¡Claro que creo en los seminarios! Si nuestra generación de cristianos hispanoamericanos no desarrolla una sólida educación cristiana y teológica, la evangelización podría ser solo “engordamiento y no crecimiento.
Solo podría ser un traslado de una experiencia religiosa católico romana a otra experiencia religiosa evangélica, sin incluir las implicaciones éticas del evangelio.
Creo mucho en el papel vital que juegan los buenos seminarios e institutos bíblicos para desarrollar los buenos obreros que sepan “trazar bien la palabra de verdad” y que formen cristianos semejantes a Jesús.
Pero me aterra descubrir cuántas instituciones teológicas son solo grupos de devaneos intelectuales que han destruido la fe de muchos.
El líder de una denominación me dijo una vez: “Nuestra denominación envía al seminario candidatos al ministerio y el seminario nos devuelve semiateos”.
No me interesan las instituciones teológicas que en pro de altos niveles académicos se acomodan al razonamiento marxista o se unen con un liberalismo destructor de los fundamentos de nuestra fe.
No que no sean pertinentes ya, pero junto a los buenos seminarios existentes, el Espíritu Santo está llamando hoy a mujeres y hombres profesionales ya formados en círculos seculares.
A esta edad y altura de sus vidas ya no tienen tiempo de detenerse y encerrarse en un seminario. ¡Claro que desearían hacerlo! Pero la edad y el desafío del momento son tan urgentes que no les dan tiempo. Hay algo que quema sus corazones.
Por eso algo debería hacerse para proveerles, al nivel de ellos (¡son profesionales!), una “educación teológica a domicilio”.
Por eso hoy en América Latina descubro algunos de los pastores de las iglesias más grandes e influyentes que son personas que salieron del periodismo, la medicina, la ingeniería, la banca o el mundo empresarial.

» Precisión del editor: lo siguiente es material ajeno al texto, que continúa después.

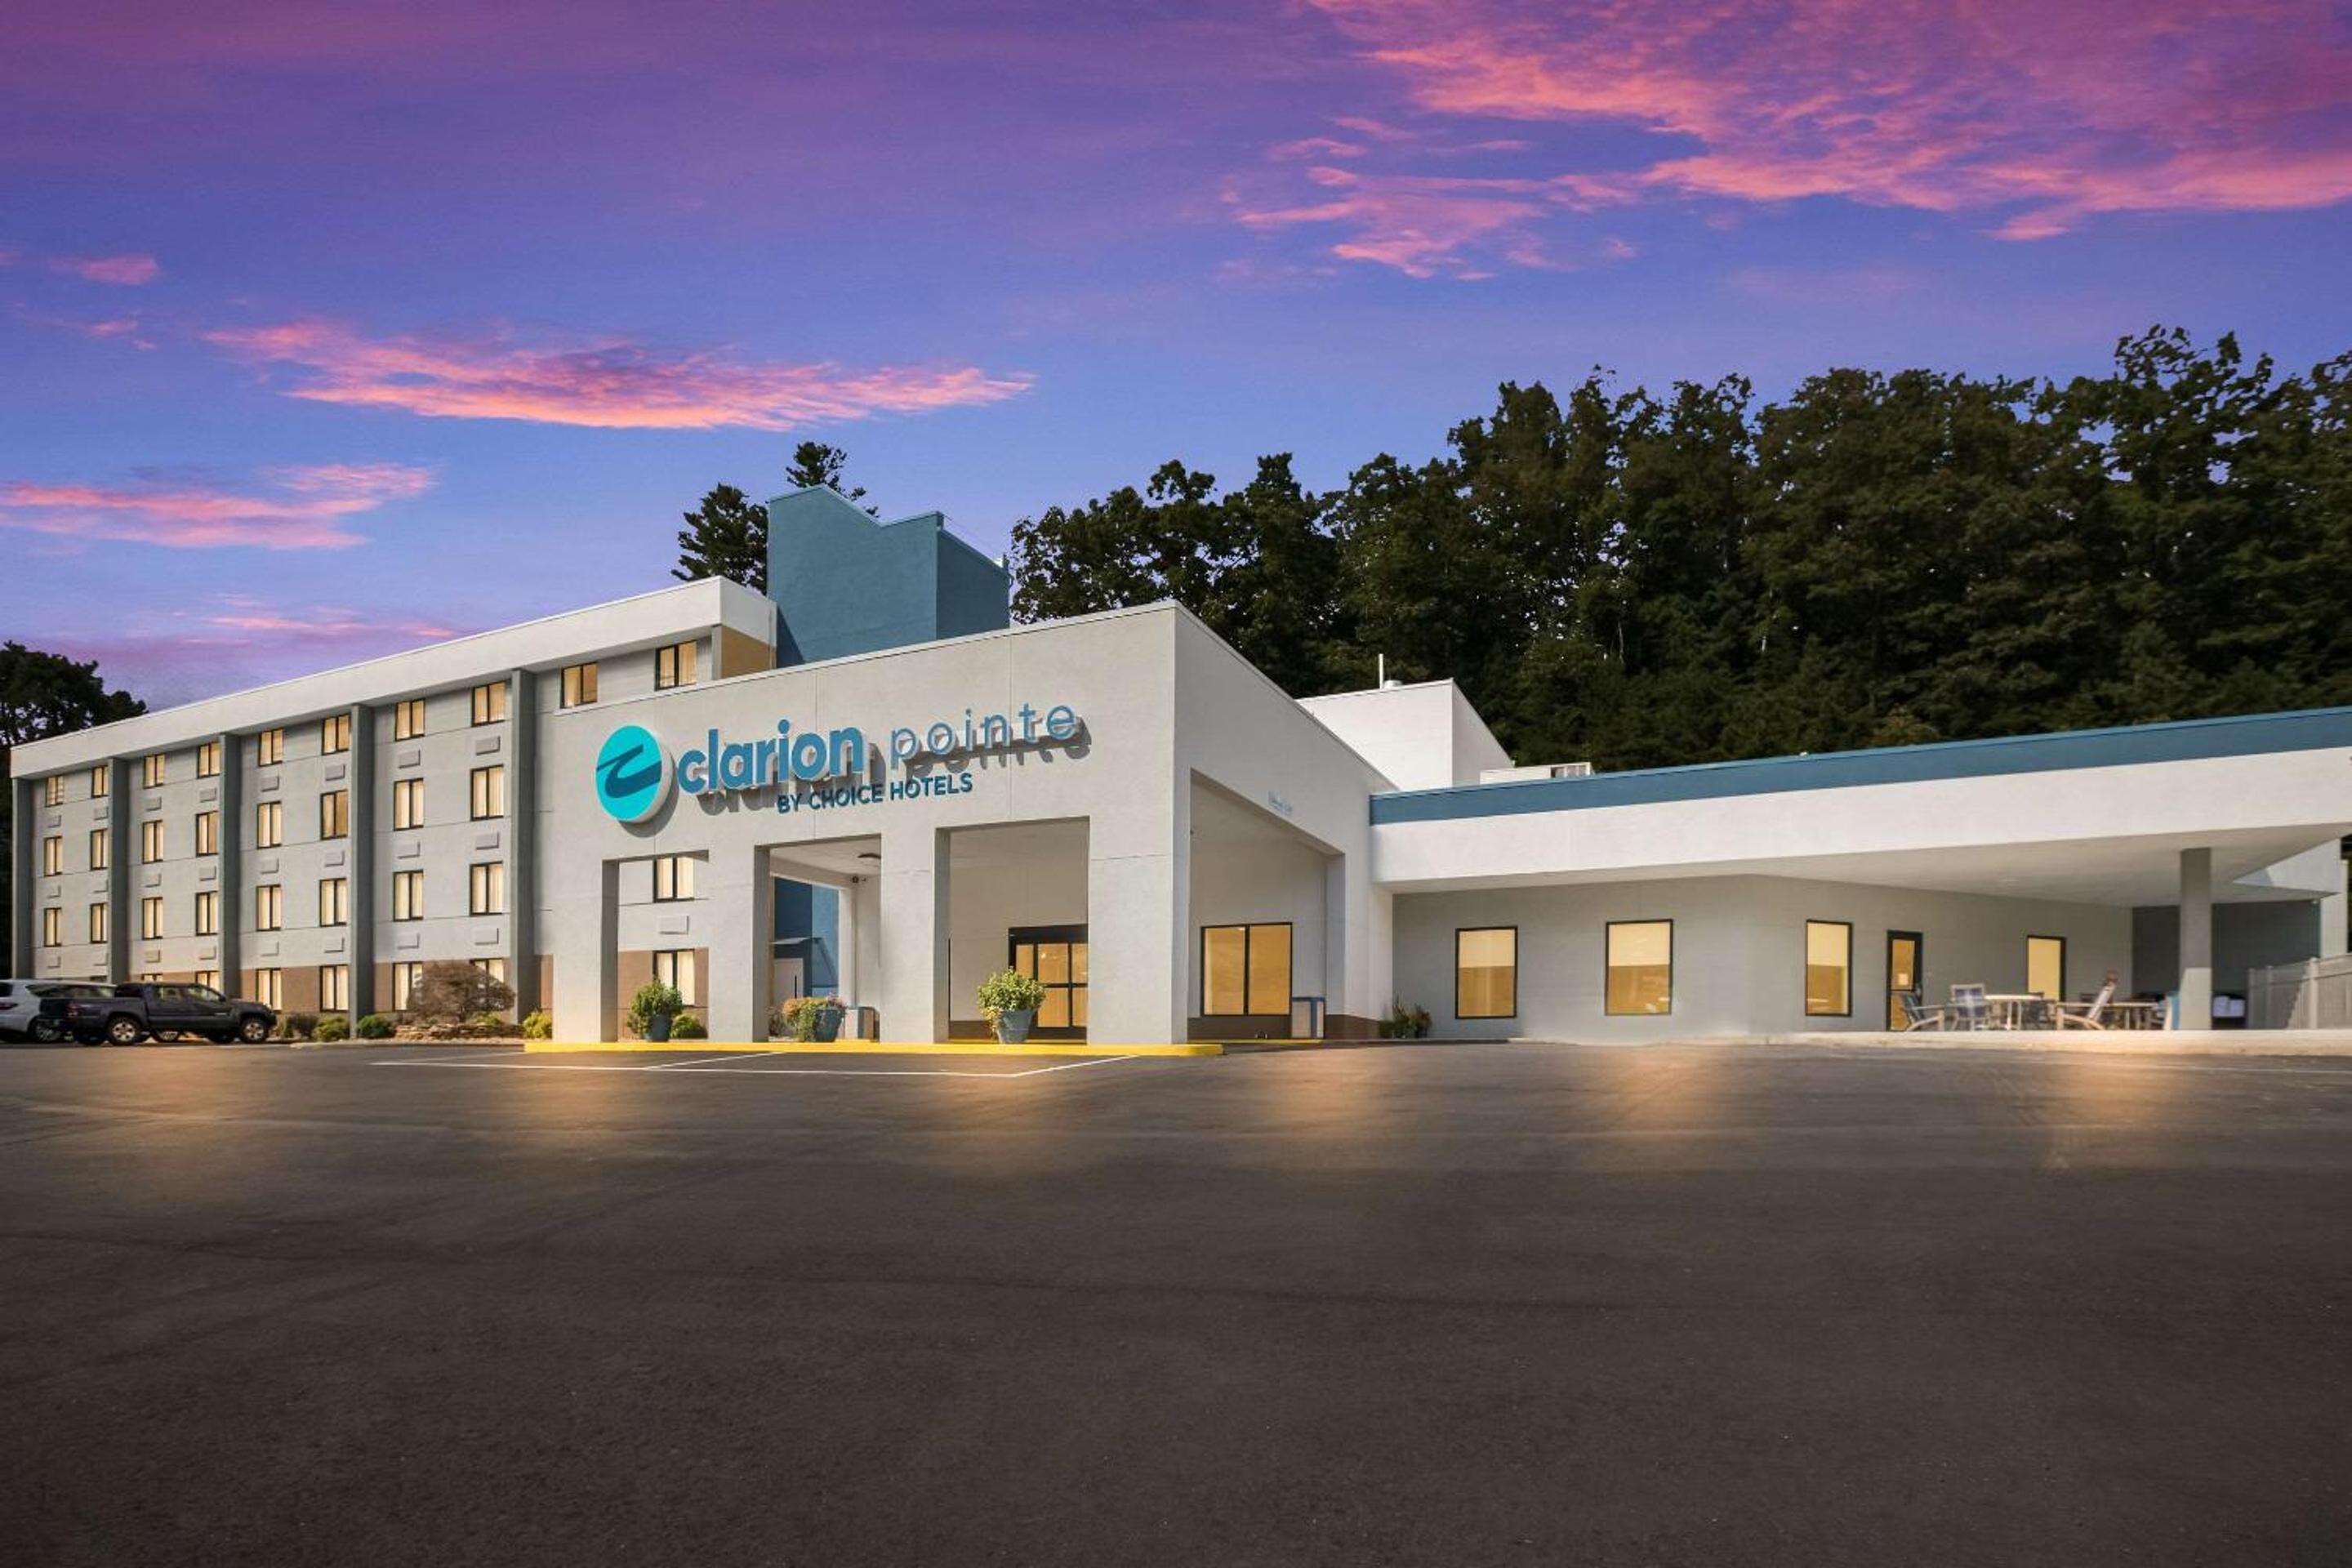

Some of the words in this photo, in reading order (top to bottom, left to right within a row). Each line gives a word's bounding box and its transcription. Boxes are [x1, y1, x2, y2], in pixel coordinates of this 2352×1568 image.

[678, 719, 863, 794] clarion
[890, 703, 1076, 770] pointe
[777, 793, 802, 813] BY
[808, 784, 884, 810] CHOICE
[890, 773, 973, 800] HOTELS

Dejaron posiciones muy importantes de acuerdo al criterio del ser humano. Aun dejaron posiciones económicas muy sólidas. A ellos también el Señor los sedujo y los cautivó.
Recuerdo nuestra cruzada en Torreón, México. En medio de un clima adverso, mi garganta se enfermó.
Me dijeron que podía consultar a un pastor que era doctor en medicina. Vino a mi habitación del hotel y mientras examinaba, le pregunté:
- Doctor, ¿cómo le va en su profesión?
- Mal… y usted tiene la culpa – me contestó el doctor.
- ¿Por qué me dice eso? – le pregunté sorprendido y asustado por tal aseveración.
- En uno de sus congresos asistí acompañado a un grupo de mi congregación.
La noche cuando predicó y llamó para dar la vida al ministerio. Fue cuando decidí abandonar la medicina y servir al Señor en lo que Él decidiera. Hace tres años que pastoreo una iglesia – me contestó.
Me gusta mucho lo que Charles Spurgeon decía a sus estudiantes: “Si Dios los llama a predicar el evangelio, no se rebajen a ser reyes de Inglaterra”.
Y esto que parece algo muy romántico e idealista es lo que está sucediendo en la vida de centenares de profesionales.
Abandonaron sus redes, algunas muy finas y ricas, para tomar las redes del Señor y levantar una pesca gigante para gloria de nuestro Dios. Esta es una señal divina de nuestro tiempo.
Recuerdo el caso de un amigo que hoy sirve al Señor. En su época de estudiante universitario y a punto de graduarse con un doctorado, Dios interrumpió todos sus planes en el terreno natural y lo llamó al ministerio.
Mi amigo dejó la universidad y, entre otras cosas, se inscribió en un reconocido seminario. Un día, en el tiempo de la capilla, lo llamaron para que diera testimonio de por qué estaba estudiando para el ministerio.
A esa institución había llegado una especie de fiebre nueva: ser un ministro sin un título universitario dejaba un sabor de que algo faltaba.
Cuando mi amigo bajó del púlpito, en vez de recibir felicitaciones de los muchachos, algunos le dijeron que era un tonto porque prefería un púlpito a las aulas de una universidad.
Lo irónico es que de aquellos seminaristas no hay ninguno en el ministerio, y aquel joven, hoy un hombre maduro, a pesar de las luchas y las pruebas como dice el viejo estribillo de la canción, sigue predicando.